Line by line, repeat the material below exactly and skip the images.

......

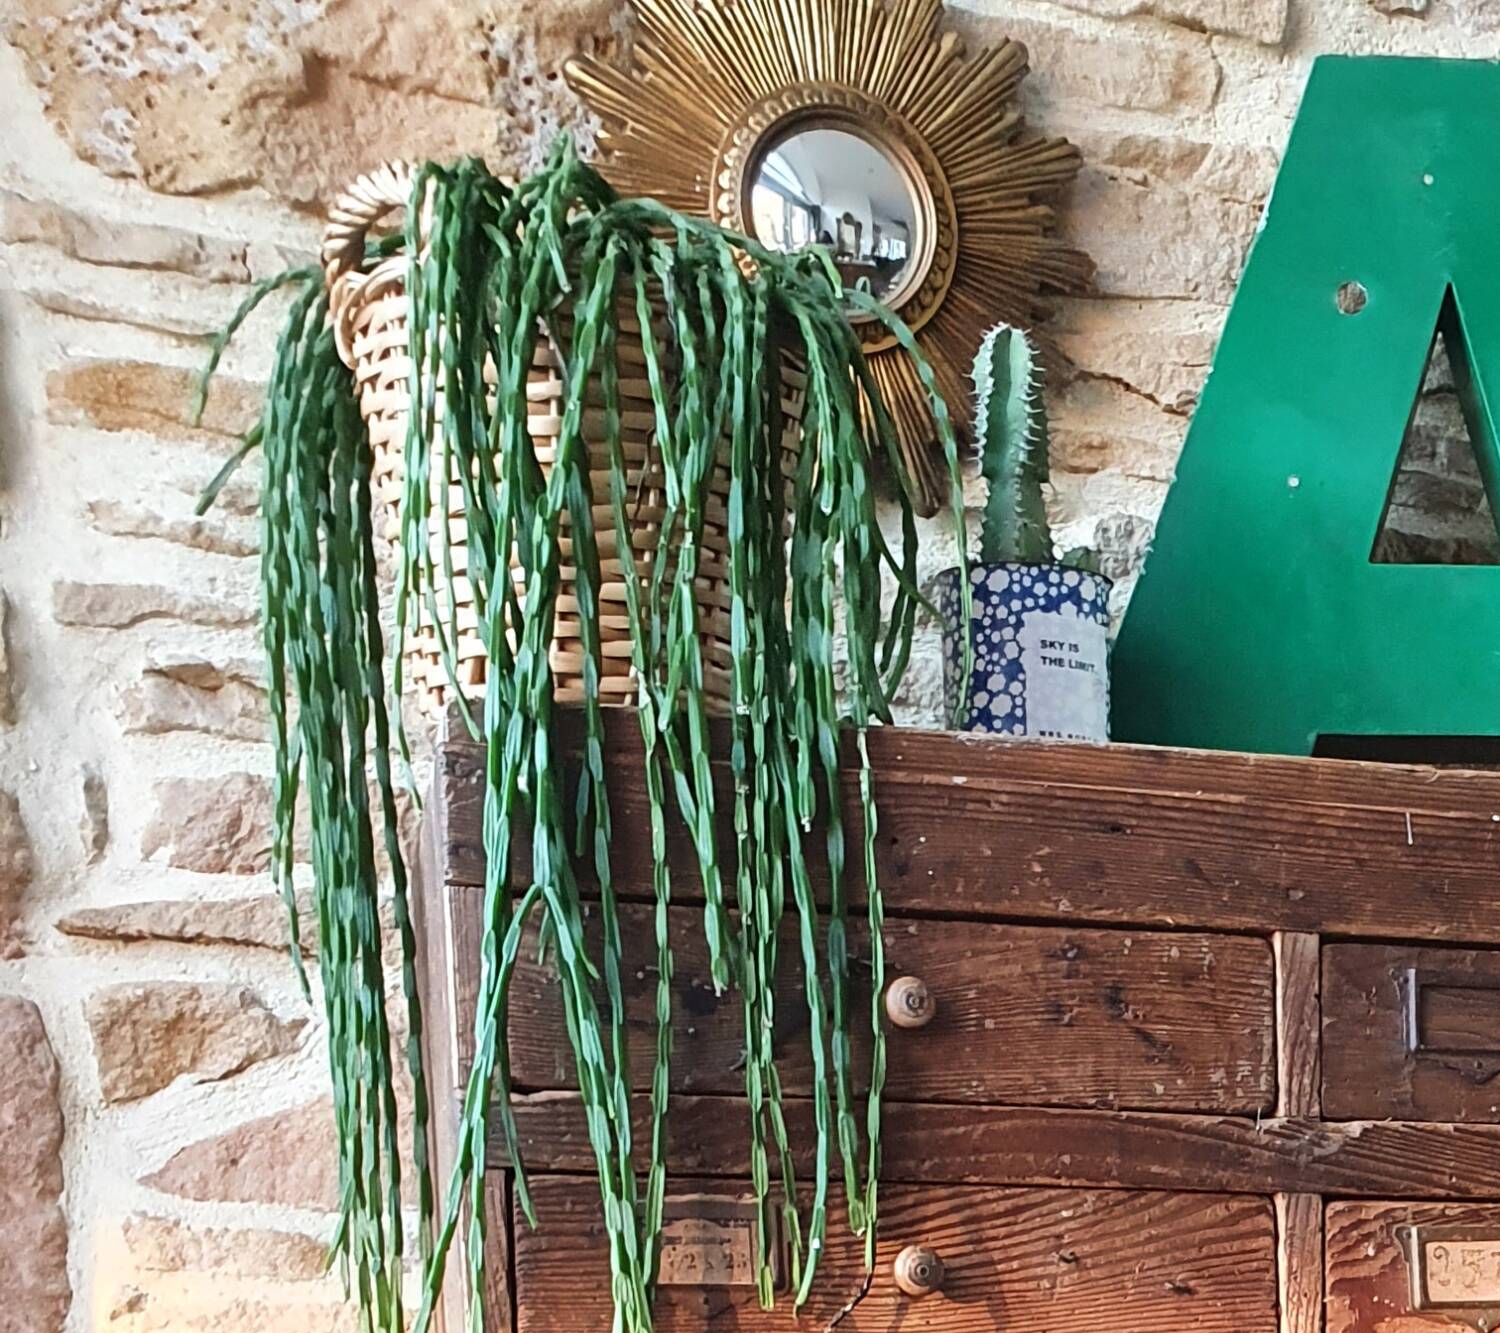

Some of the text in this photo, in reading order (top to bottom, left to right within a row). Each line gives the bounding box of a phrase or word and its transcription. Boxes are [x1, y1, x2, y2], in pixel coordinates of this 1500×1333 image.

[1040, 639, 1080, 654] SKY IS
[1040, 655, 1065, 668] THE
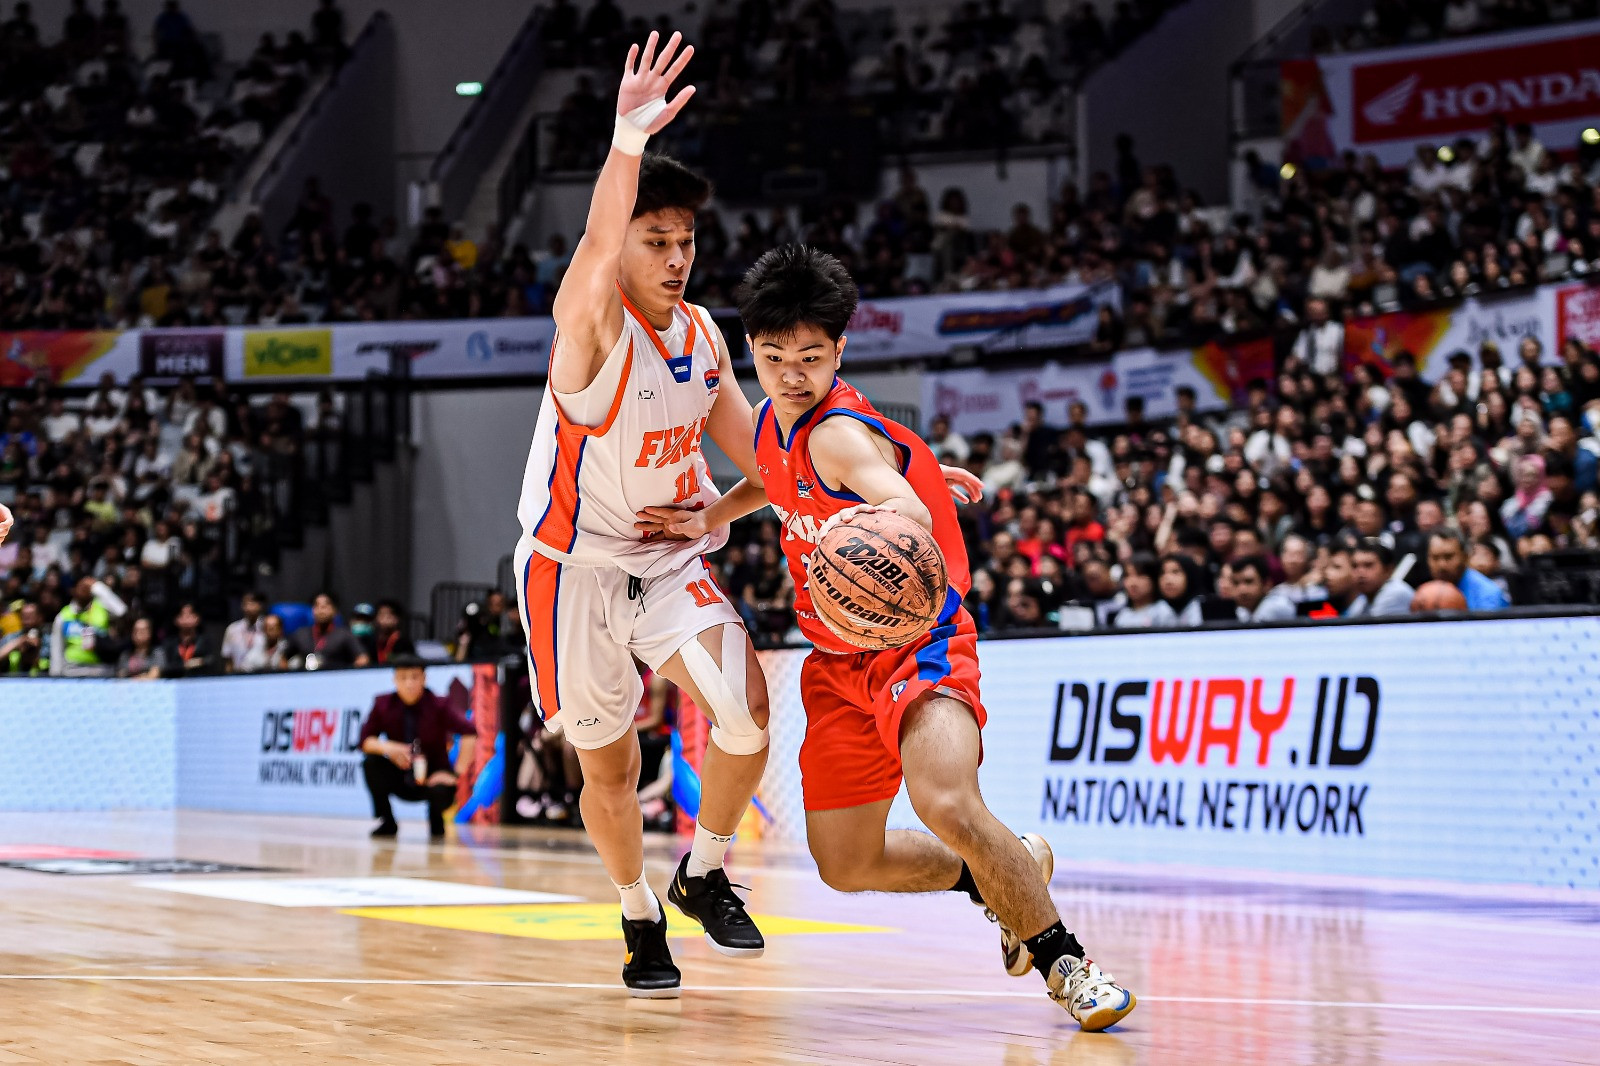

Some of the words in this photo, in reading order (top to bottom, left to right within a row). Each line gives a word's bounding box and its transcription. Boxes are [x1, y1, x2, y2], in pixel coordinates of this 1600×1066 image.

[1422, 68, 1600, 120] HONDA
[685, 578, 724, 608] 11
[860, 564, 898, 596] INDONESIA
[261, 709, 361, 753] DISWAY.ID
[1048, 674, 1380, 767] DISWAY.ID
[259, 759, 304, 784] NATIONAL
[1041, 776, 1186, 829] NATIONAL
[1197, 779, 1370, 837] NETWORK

......

= Your response =
Some of the text in this photo, in reading order (top to bottom, left to right within a row). Each line gives the bounding box of a phrase or word and its transcription. Boxes are [x1, y1, x2, y2], in pixel coordinates of this 1500×1333 image.

[1040, 639, 1080, 654] SKY IS
[1040, 655, 1065, 668] THE

Some of the words in this photo, in reading order (top to bottom, left to right within a row). Each line gives a word's bounding box and its transcription. Boxes are [x1, y1, x2, y2], in pixel coordinates of this 1600×1066 image.

[1422, 68, 1600, 120] HONDA
[685, 578, 724, 608] 11
[860, 564, 898, 596] INDONESIA
[261, 709, 361, 753] DISWAY.ID
[1048, 674, 1380, 767] DISWAY.ID
[259, 759, 304, 784] NATIONAL
[1041, 776, 1186, 829] NATIONAL
[1197, 779, 1370, 837] NETWORK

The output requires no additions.